--- Information shown ---

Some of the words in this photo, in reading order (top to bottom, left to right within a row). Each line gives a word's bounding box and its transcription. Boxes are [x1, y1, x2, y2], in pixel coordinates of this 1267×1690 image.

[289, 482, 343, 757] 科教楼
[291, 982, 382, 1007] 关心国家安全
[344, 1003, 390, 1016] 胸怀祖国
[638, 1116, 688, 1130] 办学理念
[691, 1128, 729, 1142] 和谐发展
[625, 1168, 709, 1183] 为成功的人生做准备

---

Required action: Your task is to reproduce all the records above exactly as they appear.

Solution for this problem:
Some of the words in this photo, in reading order (top to bottom, left to right within a row). Each line gives a word's bounding box and its transcription. Boxes are [x1, y1, x2, y2], in pixel coordinates of this 1267×1690 image.

[289, 482, 343, 757] 科教楼
[291, 982, 382, 1007] 关心国家安全
[344, 1003, 390, 1016] 胸怀祖国
[638, 1116, 688, 1130] 办学理念
[691, 1128, 729, 1142] 和谐发展
[625, 1168, 709, 1183] 为成功的人生做准备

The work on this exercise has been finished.